What the task requires -
For this exercise, reproduce the records exactly as they stand and do not carry any images over.

(Stored data entries)
^^^^^^^^^^^^^^^^
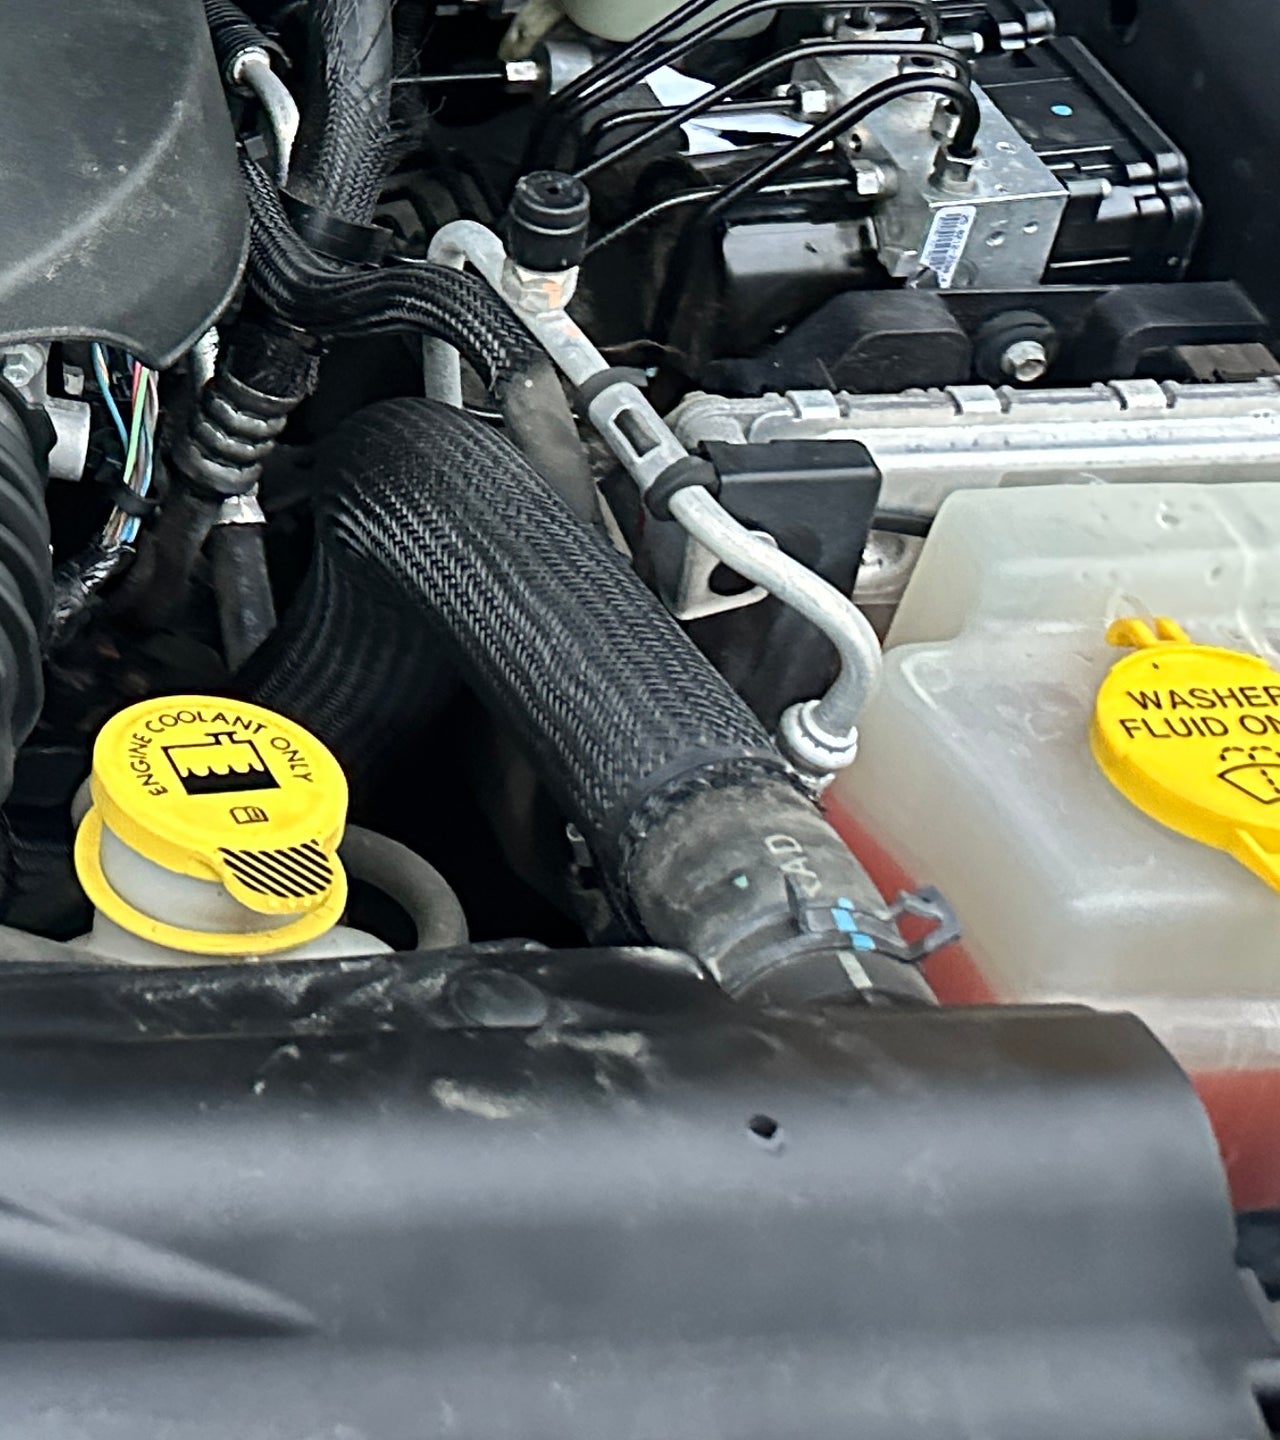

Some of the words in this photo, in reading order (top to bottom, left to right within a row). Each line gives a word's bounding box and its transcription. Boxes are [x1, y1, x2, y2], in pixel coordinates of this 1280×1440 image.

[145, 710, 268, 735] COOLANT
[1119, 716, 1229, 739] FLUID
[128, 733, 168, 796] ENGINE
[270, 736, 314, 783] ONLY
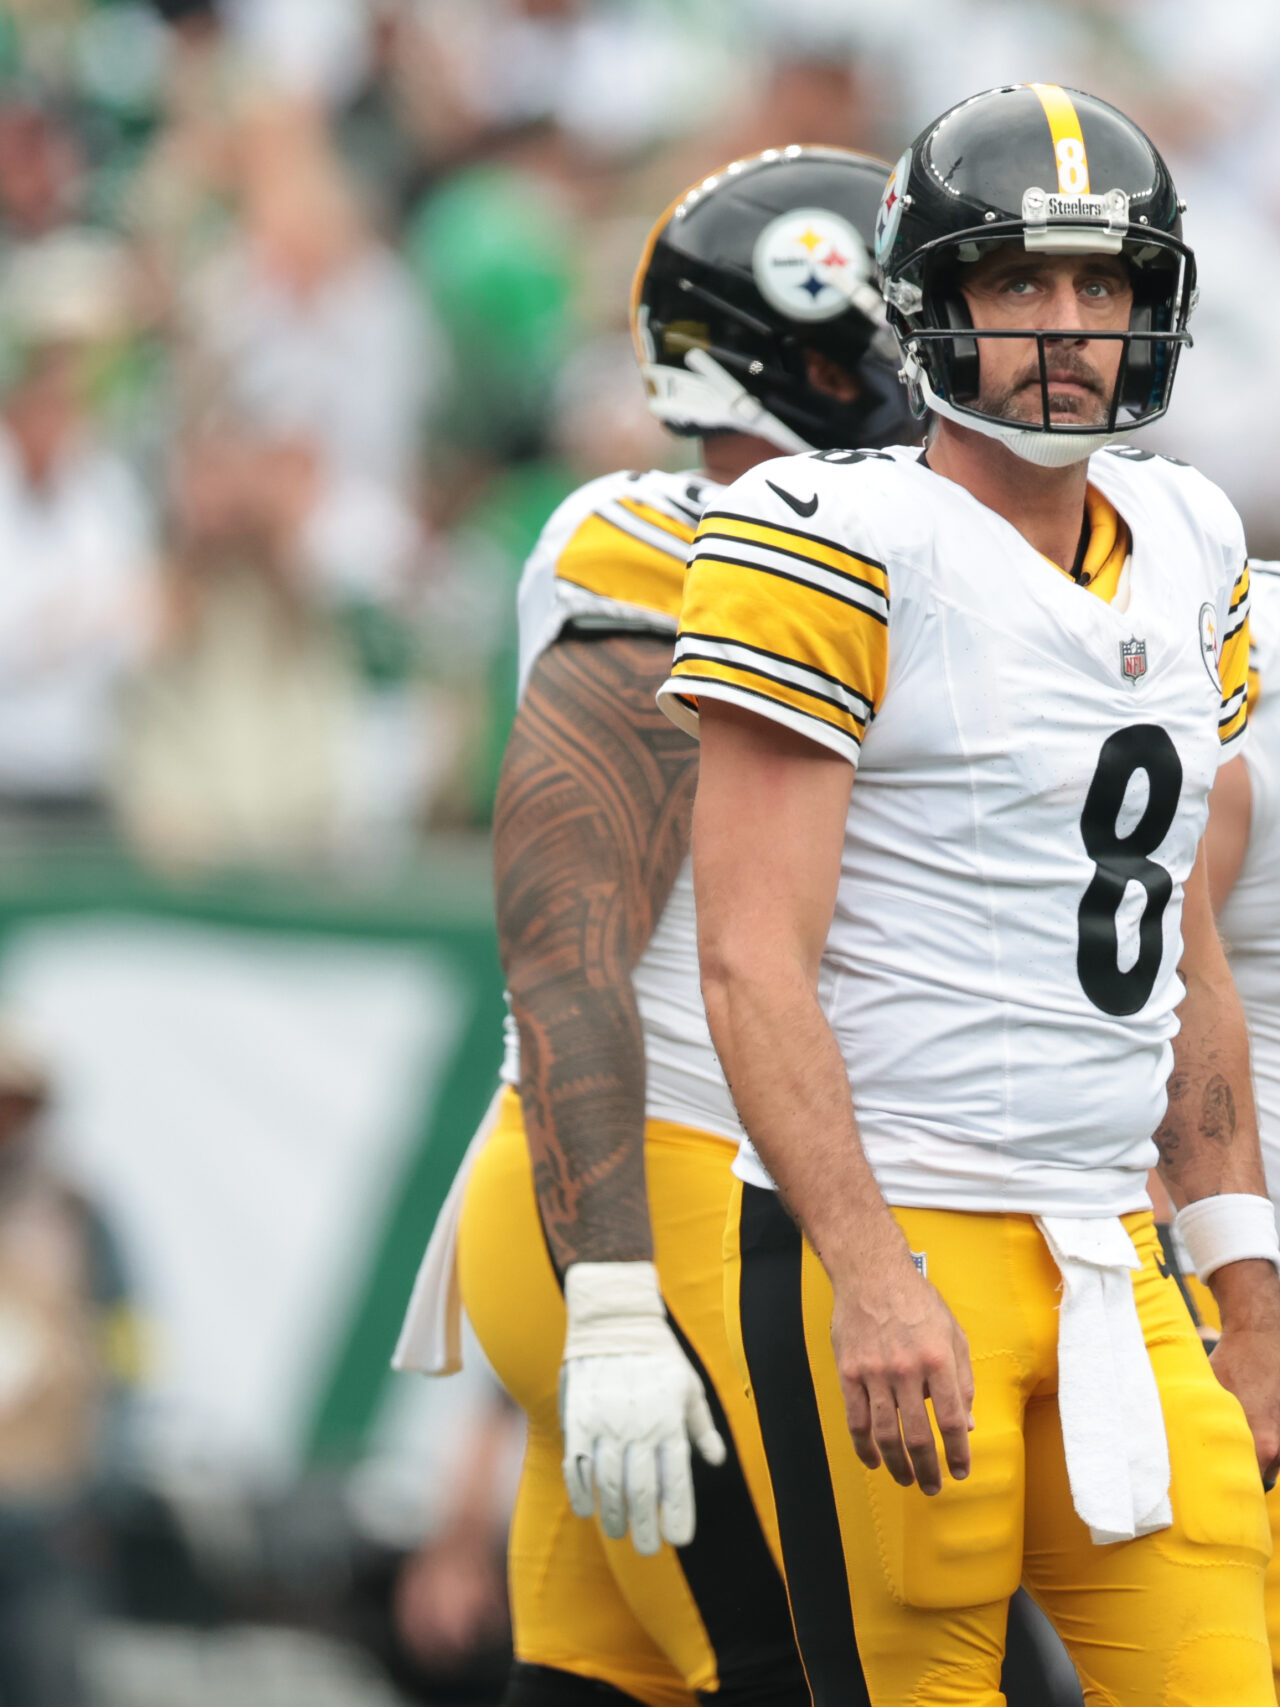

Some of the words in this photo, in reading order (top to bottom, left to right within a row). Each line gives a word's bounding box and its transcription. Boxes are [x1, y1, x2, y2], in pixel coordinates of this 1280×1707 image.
^^^^^^^^^^^^^^^^
Result -
Some of the words in this photo, in reading order (top to bottom, left to right within a row). Each line gives a word's bounding box and its transcription. Boxes are [x1, y1, x2, y2], in pixel coordinates of this 1280×1440 image.

[145, 710, 268, 735] COOLANT
[1119, 716, 1229, 739] FLUID
[128, 733, 168, 796] ENGINE
[270, 736, 314, 783] ONLY

Some of the words in this photo, in reading order (top to bottom, left to right within a row). Each line gives a word's bounding box and its transcription. Boxes are [x1, y1, x2, y2], in pixel coordinates of this 1280×1707 image.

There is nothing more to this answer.